I think most of us are feeling the pinch, food is getting outrageously expensive, another increase in petrol is only going to fuel further price hikes (pun intended). I find myself using cheaper cuts of meat, we grew quite a lot of our veggies and salads this summer and I watch for genuine ‘specials’ and buy in accordingly.

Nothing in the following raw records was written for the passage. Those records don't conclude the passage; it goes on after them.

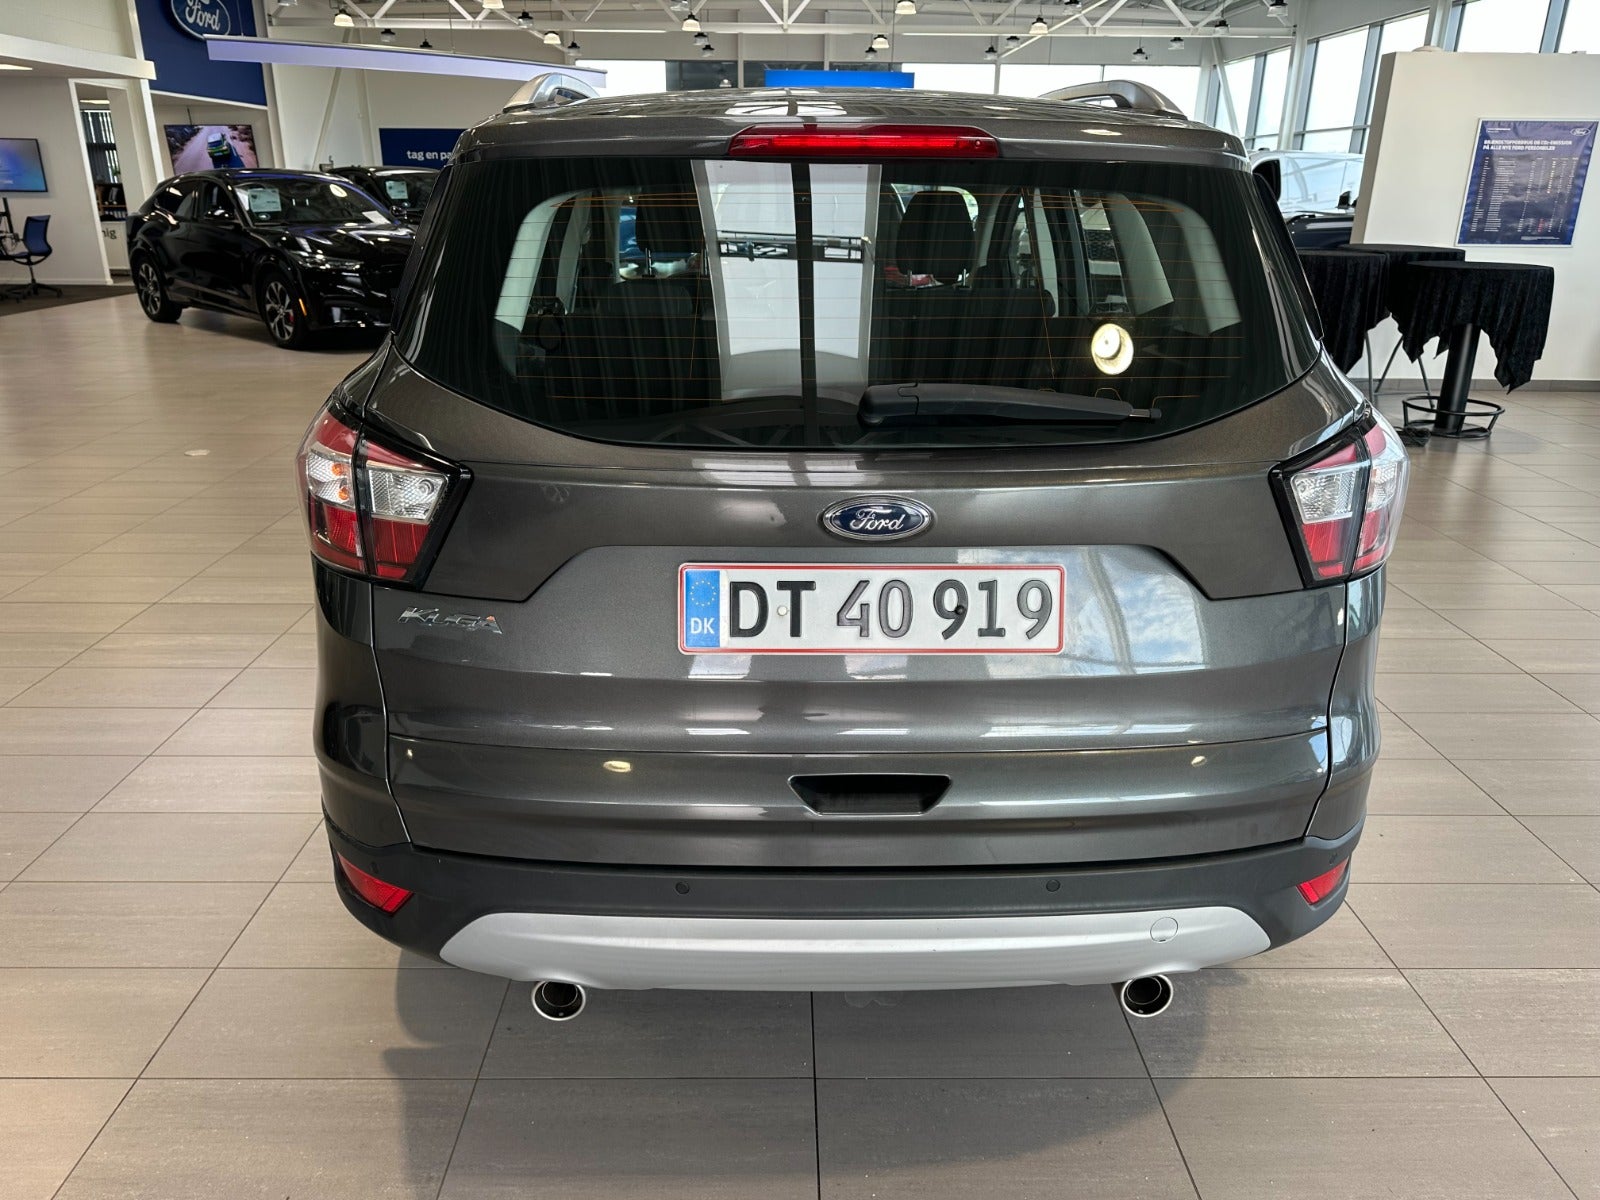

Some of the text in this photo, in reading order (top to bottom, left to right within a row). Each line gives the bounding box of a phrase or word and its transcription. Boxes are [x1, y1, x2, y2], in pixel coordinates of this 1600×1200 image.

[185, 0, 220, 31] Ford
[406, 150, 424, 161] tag
[425, 151, 438, 160] en
[849, 507, 905, 532] Ford
[729, 579, 1053, 640] DT 40 919
[690, 617, 715, 634] DK

This tasty & filling soup feeds 6 people generously, serve with some nice crusty bread. I have estimated the cost of the major ingredients, the rest everyone should have in their cupboards. Give or take, the soup comes in at under R30.00. Great for Meatless Monday and vegetarians can just use vegetable stock.
1 TBSP oil
2 medium onions, chopped finely R1.50
1 clove of garlic, crushed or grated
1 tsp Italian dried herbs
500g mixed frozen vegetables (smaller veggies work better) R7.50
1 tin tomatoes (410g) chopped R5.00
1 tsp salt
A good grind of black pepper
2 tsp sugar
2 chicken stock cubes (or veggie) dissolved in 1 litre of boiling water – I prefer the Telma make of stock cubes, available in Spar and Pick n Pay.
1 TSP chopped parsley
1/2 cup small pasta – I used pasta rice R2.00 (you can also use spaghetti broken up)
1 tin baked beans (410g) R4.99
1 TSP fresh basil sliced thinly (optional)
grated Parmesan or cheddar cheese to serve R6.00
Using a pan with a good base, heat the oil, toss in the onions and garlic, immediately lower the heat and sweat them off gently until soft and translucent. Add the dried herbs, frozen veg, tomatoes, sugar, seasoning, stock and parsley.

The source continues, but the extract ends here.